Page MenuHomePhabricator

New SGE nodes can't talk to the grid engine master
Closed, ResolvedPublic

Description

I just created two new sge nodes, tools-sgeexec-10-11/12. They both are showing similar errors when trying to talk to the gridmaster:

Jun 01 19:03:17 tools-sgeexec-10-11 gridengine-exec[2094]: error: got send timeout
Jun 01 19:03:17 tools-sgeexec-10-11 gridengine-exec[2094]: error: can't get configuration from qmaster -- backgrounding
Jun 01 19:03:17 tools-sgeexec-10-11 gridengine-exec[2094]: critical error: unable to write to file fd_pipe[1]: Broken pipe
Jun 01 19:03:17 tools-sgeexec-10-11 sge_execd[2234]:   main|tools-sgeexec-10-11|E|got send timeout
Jun 01 19:03:17 tools-sgeexec-10-11 sge_execd[2234]:   main|tools-sgeexec-10-11|E|can't get configuration from qmaster -- backgrounding
Jun 01 19:03:17 tools-sgeexec-10-11 sge_execd[2234]:   main|tools-sgeexec-10-11|C|unable to write to file fd_pipe[1]: Broken pipe

Jun 01 19:04:20 tools-sgeexec-10-11 sge_execd[2234]:   main|tools-sgeexec-10-11|E|getting configuration: unable to send message to qmaster using port 6444 on host "tools-sgegrid-master.tools.eqiad1.wikimed

This persists after service restarts and reboots. Tcpdumping on the grid master (tcpdump "port 6444"|grep tools-sgeexec-10-1) shows traffic from a working node (sgeexec-10-10) but doesn't show any traffic from the new nodes. tools-sgeexec-10-11 and -12 are in the correct 'execnode' security group.

Event Timeline

drive-by: can you confirm that this isn't a firewall/connectivity issue (e.g. with telnet?)

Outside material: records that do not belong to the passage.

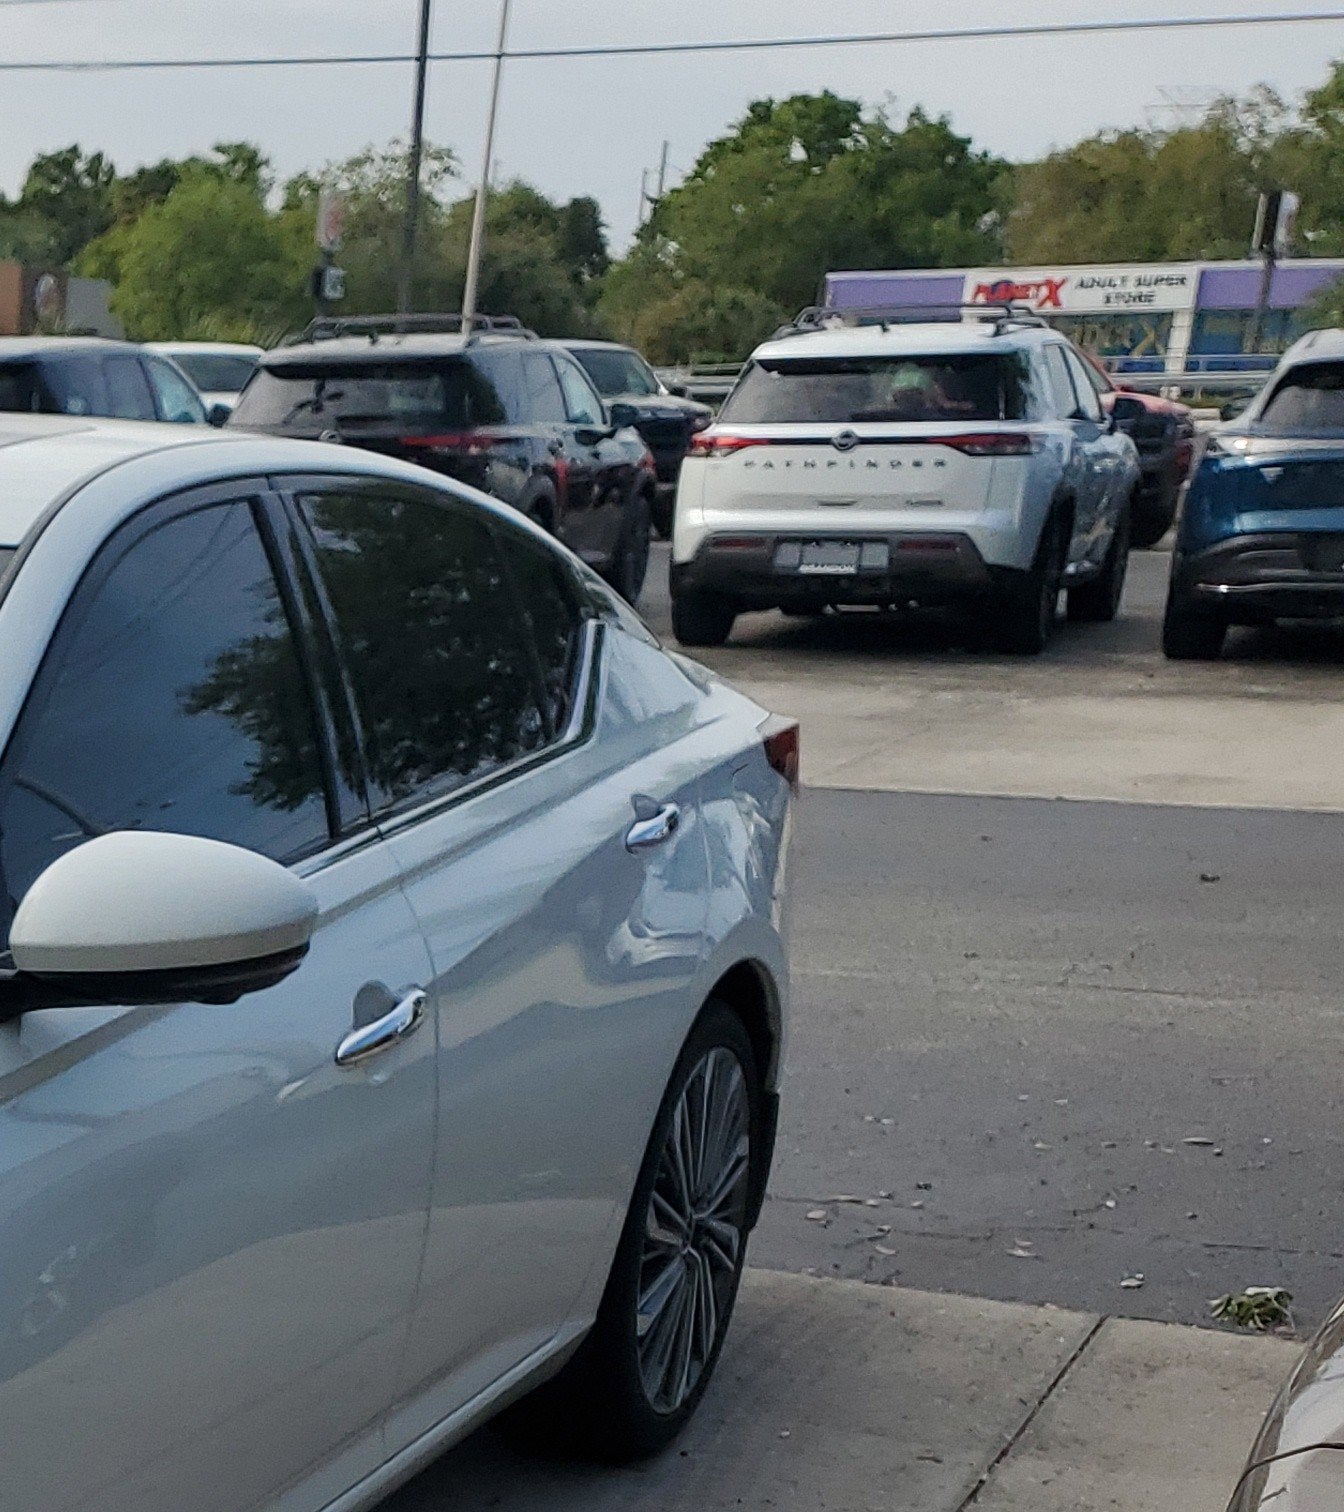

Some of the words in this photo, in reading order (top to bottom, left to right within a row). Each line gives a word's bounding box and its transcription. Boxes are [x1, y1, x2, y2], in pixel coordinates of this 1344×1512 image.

[1075, 275, 1128, 289] ADULT
[1135, 273, 1187, 287] SUPER
[744, 459, 947, 469] PATHFINDER
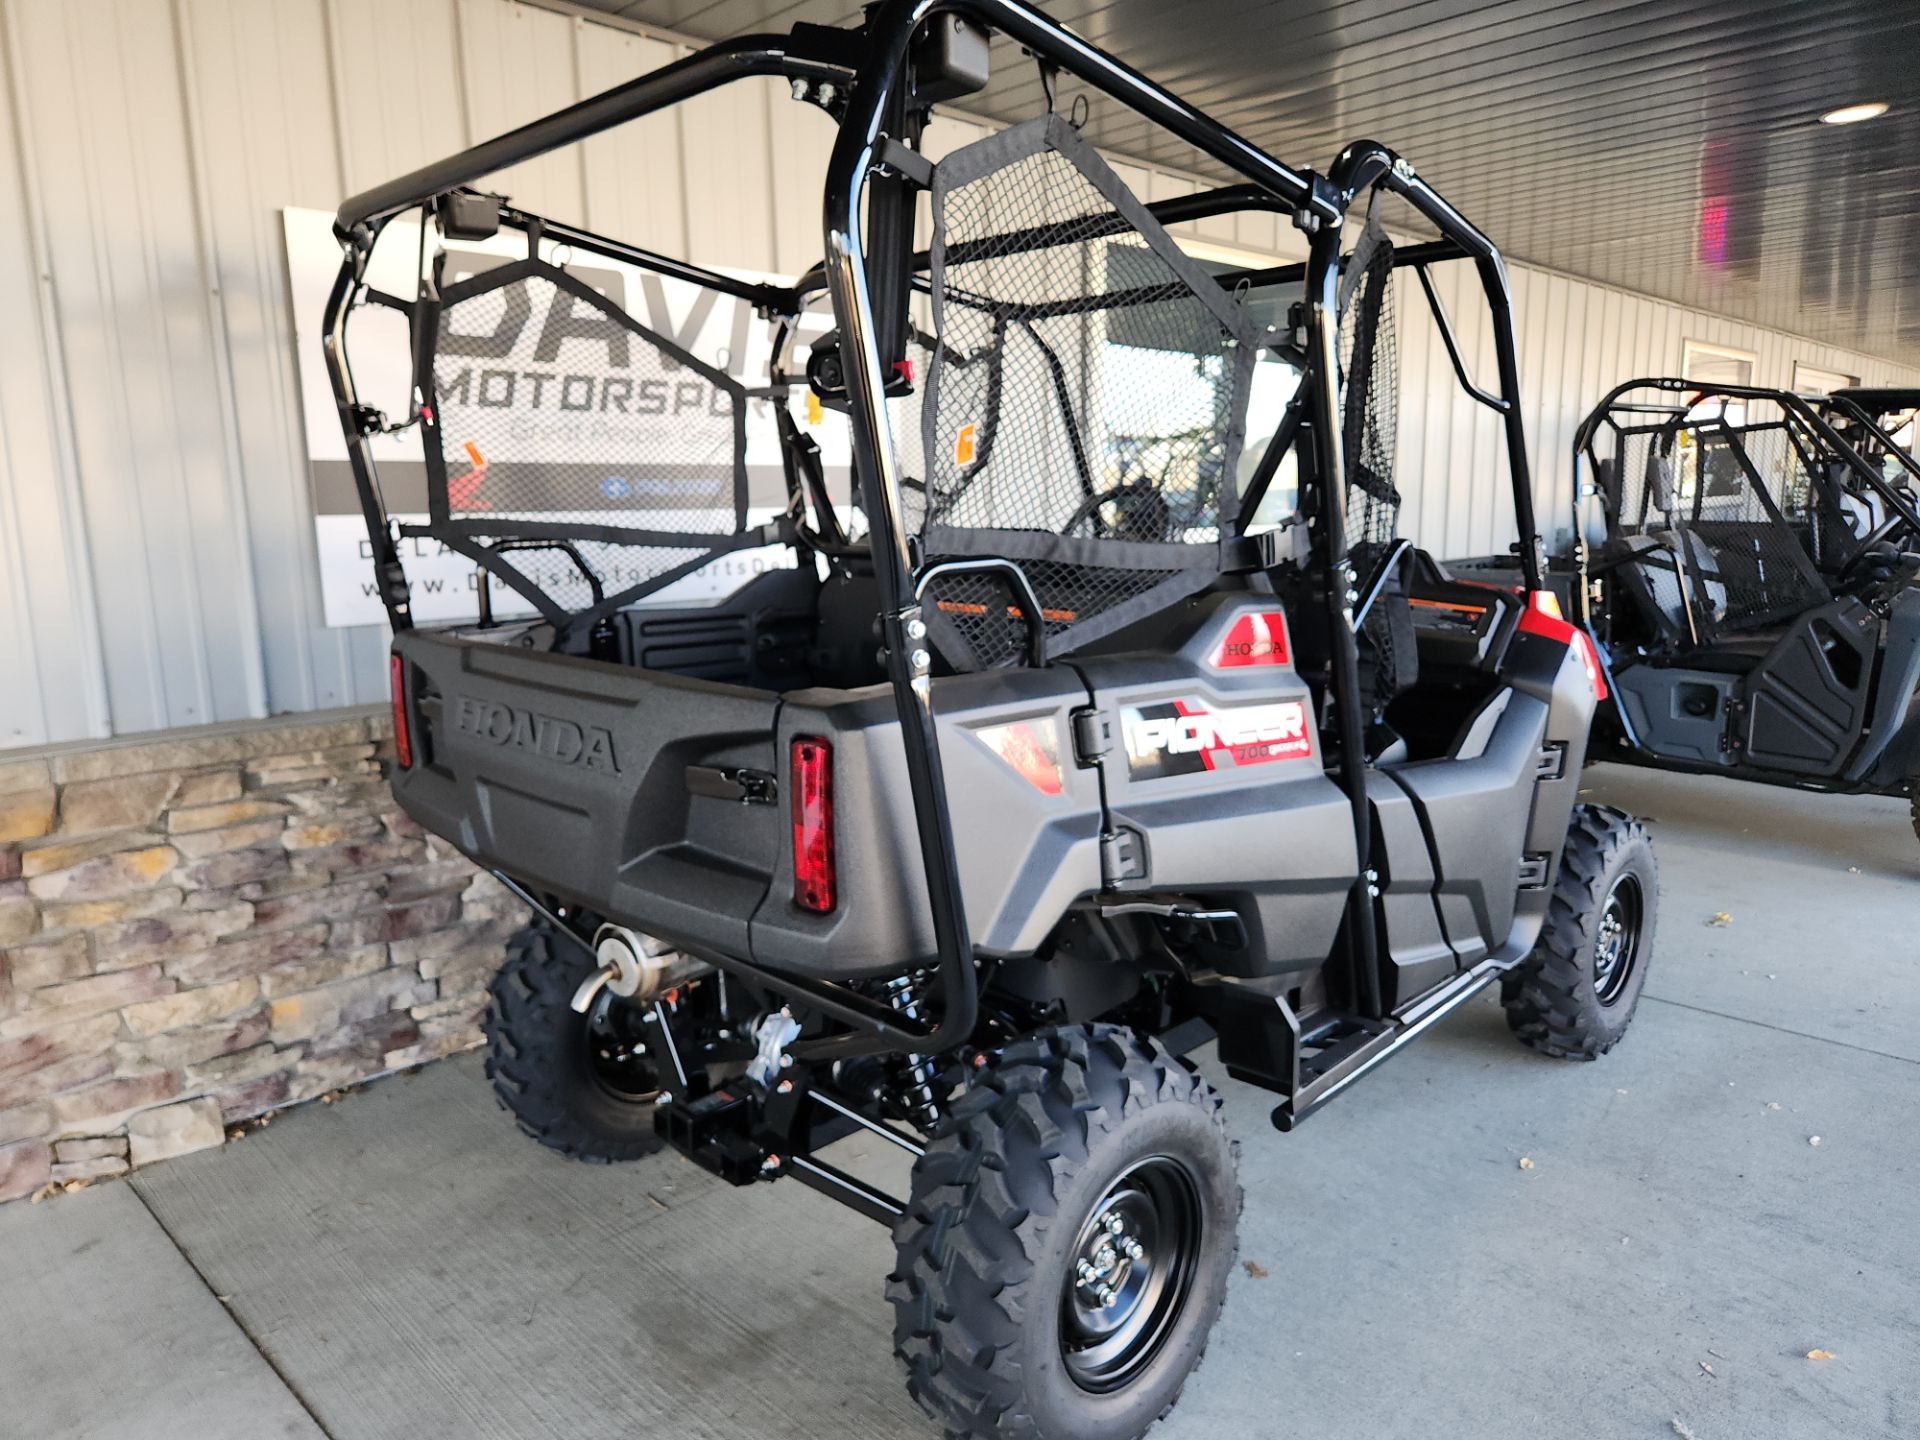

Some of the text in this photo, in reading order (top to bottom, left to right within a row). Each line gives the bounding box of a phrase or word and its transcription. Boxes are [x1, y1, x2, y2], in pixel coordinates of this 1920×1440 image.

[432, 368, 820, 421] MOTORSPO
[457, 695, 622, 777] HONDA
[1134, 703, 1303, 757] PIONEER
[1237, 745, 1269, 761] 700
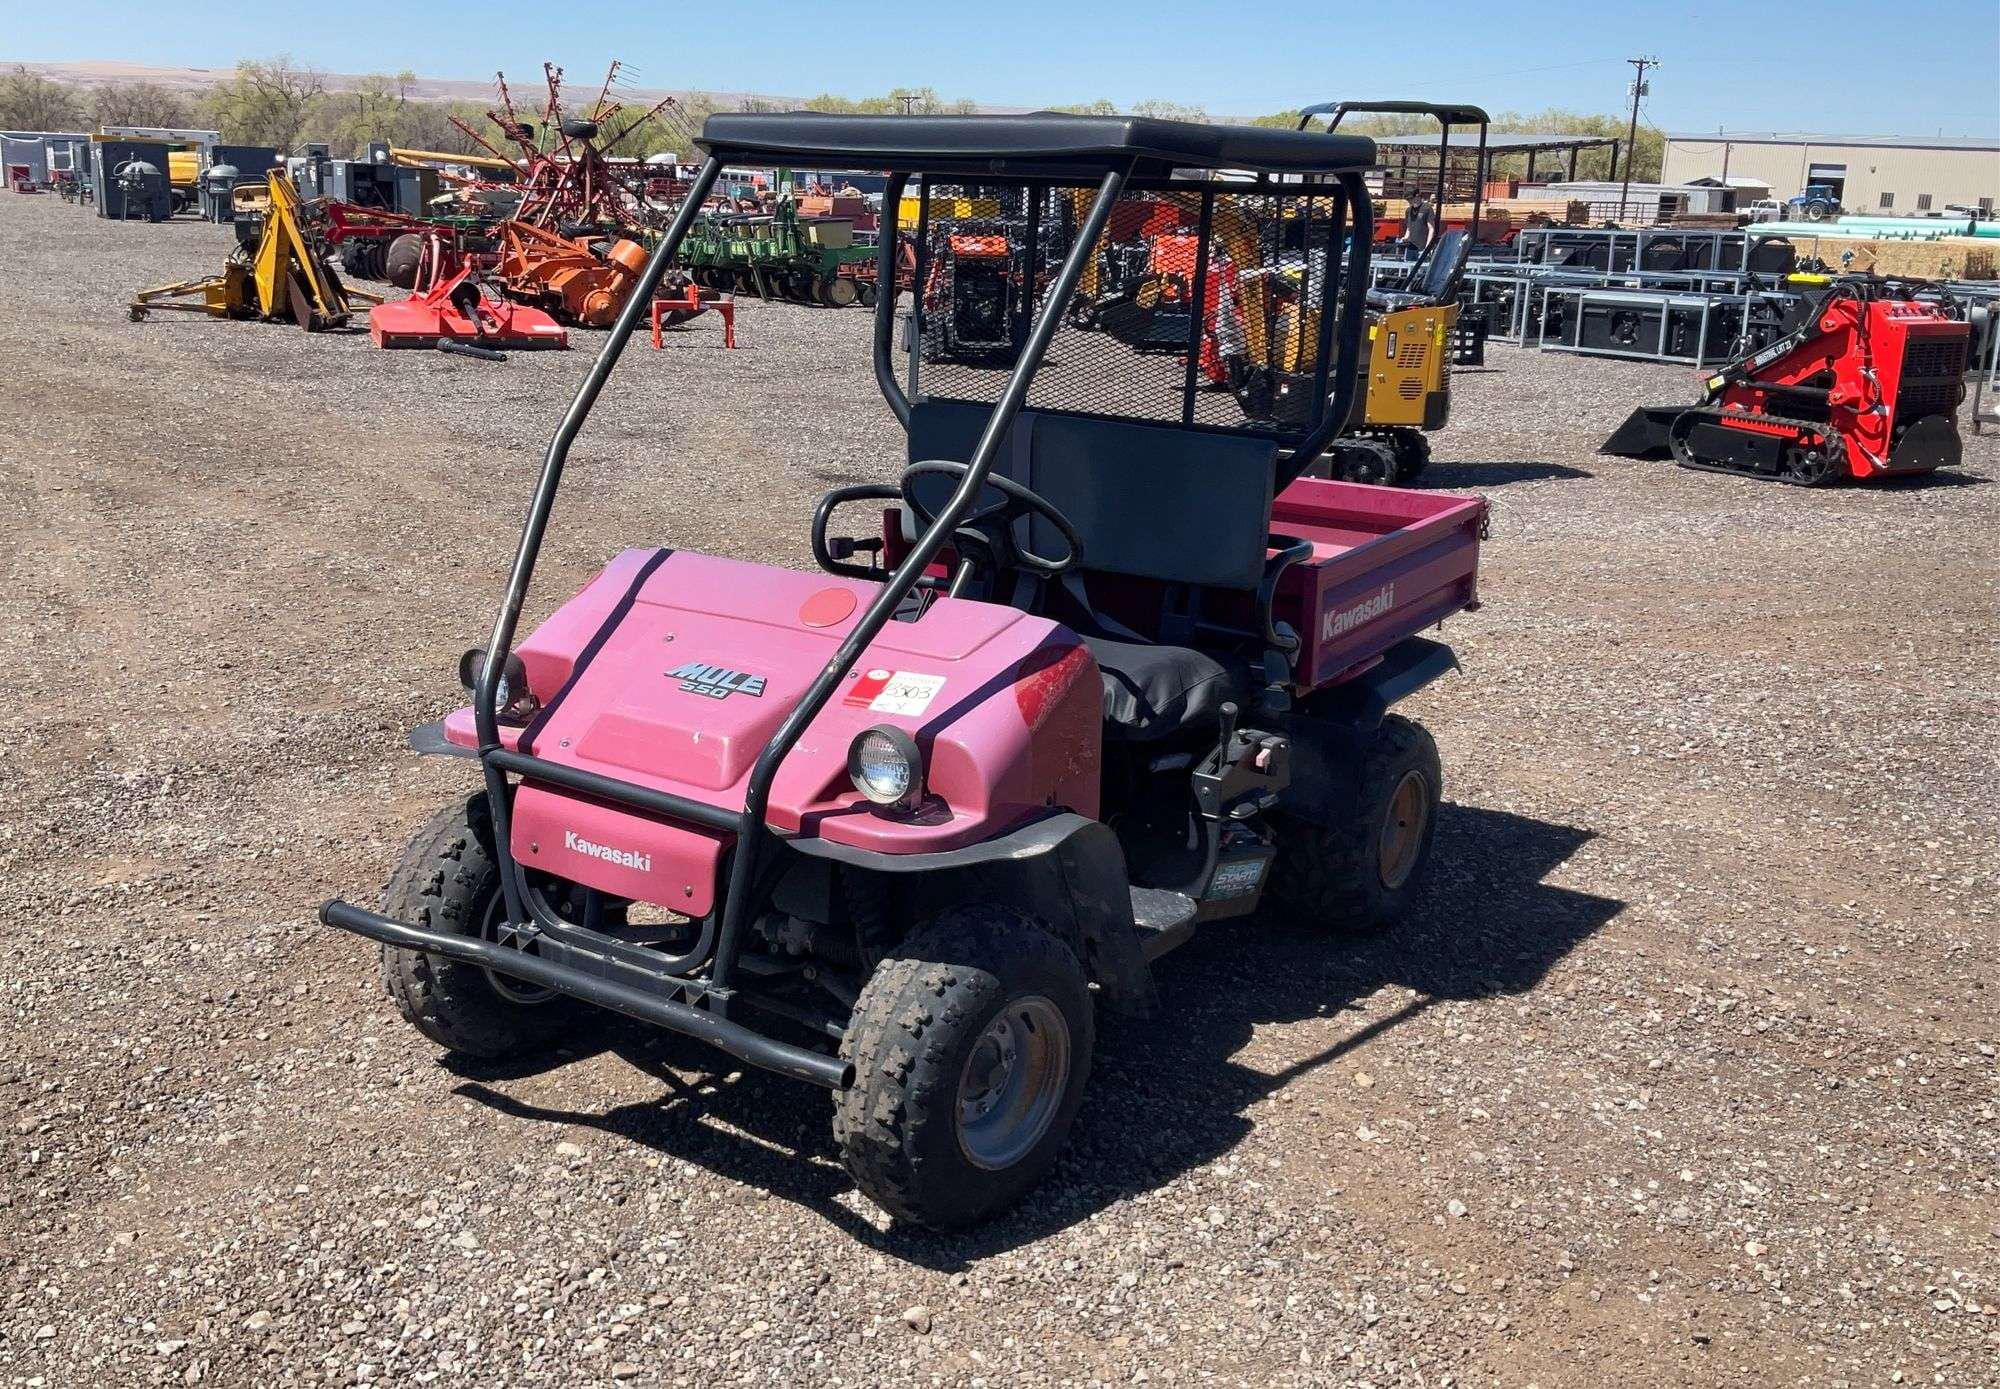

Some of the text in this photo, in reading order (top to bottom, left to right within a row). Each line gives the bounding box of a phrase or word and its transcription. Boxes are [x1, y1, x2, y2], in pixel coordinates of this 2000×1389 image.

[1322, 582, 1394, 640] Kawasaki
[664, 662, 766, 697] MULE
[678, 681, 729, 699] 550
[565, 830, 651, 872] Kawasaki

Not sure, although leaning towards it being one. If I run echo foo | nc tools-sgegrid-master 6444 anywhere else and then run a tcpdump on the sge master, it shows some packets being received. That doesn't happen if I do that from sgeexec-11.

Ok, this pretty much confirms it is a networking issue:

taavi@tools-sgegrid-master:~ $ curl tools-sgegrid-master:9100
<html>
taavi@tools-sgeexec-10-10:~ $ curl tools-sgegrid-master:9100
<html>
taavi@tools-sgeexec-10-11:~ $ curl --connect-timeout 5 tools-sgegrid-master:9100
curl: (28) Connection timed out after 5000 milliseconds

Mentioned in SAL (#wikimedia-cloud) [2022-06-02T07:51:47Z] <taavi> restart neutron-linuxbridge-agent.service on cloudvirt1034 T309732

Found this from the neutron logs on the cloudvirt that tools-sgegrid-master runs on:

May 29 14:51:23 cloudvirt1034 neutron-linuxbridge-agent[3730]: 2022-05-29 14:51:23.844 3730 ERROR oslo.messaging._drivers.impl_rabbit [-] [dc4d716a-767a-4ec4-b412-1651105ce32e] AMQP server on cloudcontrol1004.wikimedia.org:5672 is unreachable: [Errno 111] ECONNREFUSED. Trying again in 1 seconds.: ConnectionRefusedError: [Errno 111] ECONNREFUSED
May 29 14:51:23 cloudvirt1034 neutron-linuxbridge-agent[3730]: 2022-05-29 14:51:23.962 3730 ERROR oslo.messaging._drivers.impl_rabbit [-] Connection failed: [Errno 111] ECONNREFUSED (retrying in 0 seconds): ConnectionRefusedError: [Errno 111] ECONNREFUSED
May 29 14:51:23 cloudvirt1034 neutron-linuxbridge-agent[3730]: Traceback (most recent call last):
May 29 14:51:23 cloudvirt1034 neutron-linuxbridge-agent[3730]:   File "/usr/lib/python3/dist-packages/eventlet/hubs/hub.py", line 476, in fire_timers
May 29 14:51:23 cloudvirt1034 neutron-linuxbridge-agent[3730]:     timer()
May 29 14:51:23 cloudvirt1034 neutron-linuxbridge-agent[3730]:   File "/usr/lib/python3/dist-packages/eventlet/hubs/timer.py", line 59, in __call__
May 29 14:51:23 cloudvirt1034 neutron-linuxbridge-agent[3730]:     cb(*args, **kw)
May 29 14:51:23 cloudvirt1034 neutron-linuxbridge-agent[3730]:   File "/usr/lib/python3/dist-packages/eventlet/semaphore.py", line 152, in _do_acquire
May 29 14:51:23 cloudvirt1034 neutron-linuxbridge-agent[3730]:     waiter.switch()
May 29 14:51:23 cloudvirt1034 neutron-linuxbridge-agent[3730]: greenlet.error: cannot switch to a different thread

Restarted that service and things seem to be working much better

taavi claimed this task.